Hello,
I work on a NOC dept of 4 ppl (1 manager, 3 employees) that covers 7221 elements (1135 nodes). When I started in my current position I was told our dept was given the current Orion environment already setup and since I have tried to help tweak things to make our day to day job easier. But I always wonder if there is a better way. Let me take a moment to describe our process. Here are our current versions..I plan to upgrade those behind soon - Orion Platform 2014.1.0, IPAM 4.1, NCM 7.3, NPM 10.7, NTA 4.0.1
Our "Network Summary Home" page is what is used as our primary tool to see the overall network status. Emailed alerts are usually what prompts us to look at the screen and act on outages. On the home page we have the following modules:
Column 1
Hardware Health Overview
All Nodes - Collapsed listing State, then City, then node
Top XX nodes by avg cpu load
Column 2
Nodes with Problems
Search Nodes
Interfaces with High utilization
Top 60 Nodes by avg response time
We use the tabs on the left side for various things like events, various top 25, link, maps, etc
----------
Our IT dept has it's own ticket system which we use for outages and saturation issues.

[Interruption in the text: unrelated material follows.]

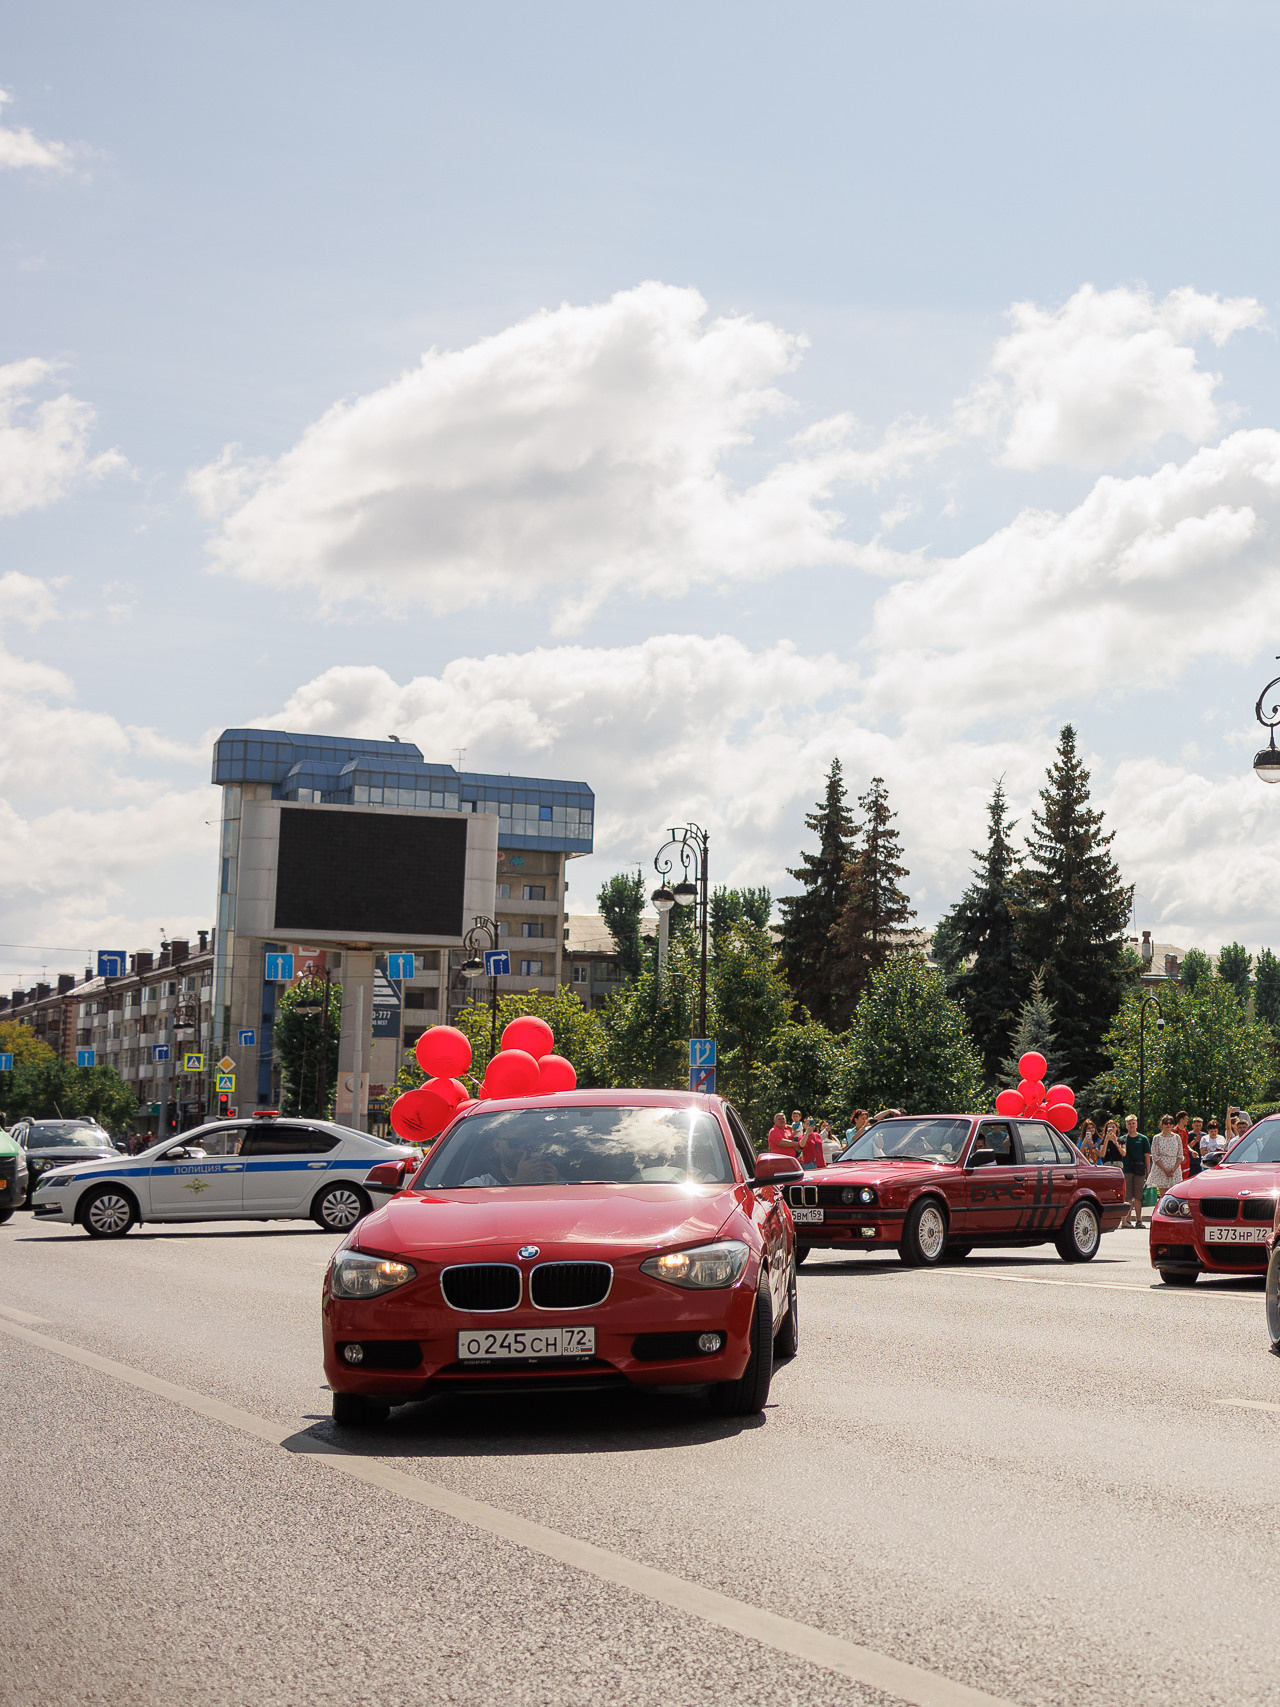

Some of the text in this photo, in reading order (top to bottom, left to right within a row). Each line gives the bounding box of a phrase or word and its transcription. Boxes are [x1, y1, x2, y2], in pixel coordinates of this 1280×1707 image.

[173, 1164, 222, 1174] ПОЛИЦИЯ
[1209, 1228, 1268, 1241] Е373НР 72
[467, 1329, 588, 1355] О245СН 72

Our NOC keeps track of current outages in a google spreadsheet that we email most of IT every 2 hours to keep them informed. It lists Node or office name, staff count, group responsible for outage and issue description, detailed and time stamped description of steps taken that mirrors info in the associated ticket, ticket number, Date/time of initial outage, date/time of resolution. And we archive these spreadsheets and use them to pull stats off of occasionally.
Our NOC priorities are outages(which involved troubleshooting directly with ISPs and offices), saturation issues and then projects.
--------
My manager and myself have done what can to make this process as streamlined as possible while still giving his manager what he wants and the needs and what we monitor are pretty dynamic.
We were just prompted to license our products with Solarwinds so naturally I'm asking myself am I using the best tools for our needs?
I would love it if I could stop using google docs and use something built into orion for one. This way maybe I could also automate the process of emailing managers every day every 2 hours.
But the biggest change I would love if ever possible is to list right on our home page of the console the current open alerts (Which we do using Nodes with Problems), but have a column next to it showing acknowledgement from NOC that one of us is working on that node and a current status of the work done. Is that a pipedream or can this be done already or can this be done with another product?
Node XYZ Down - Down Since - Acknowledged by NOC - Current Status of work being done
Kind of like that...
Any tips and tricks or examples of other ppl's layouts/tools used would be greatly appreciated. Hoefully I posted this to the right place.. just looking for some advice from those want to share in their best practices. Thanks in advance!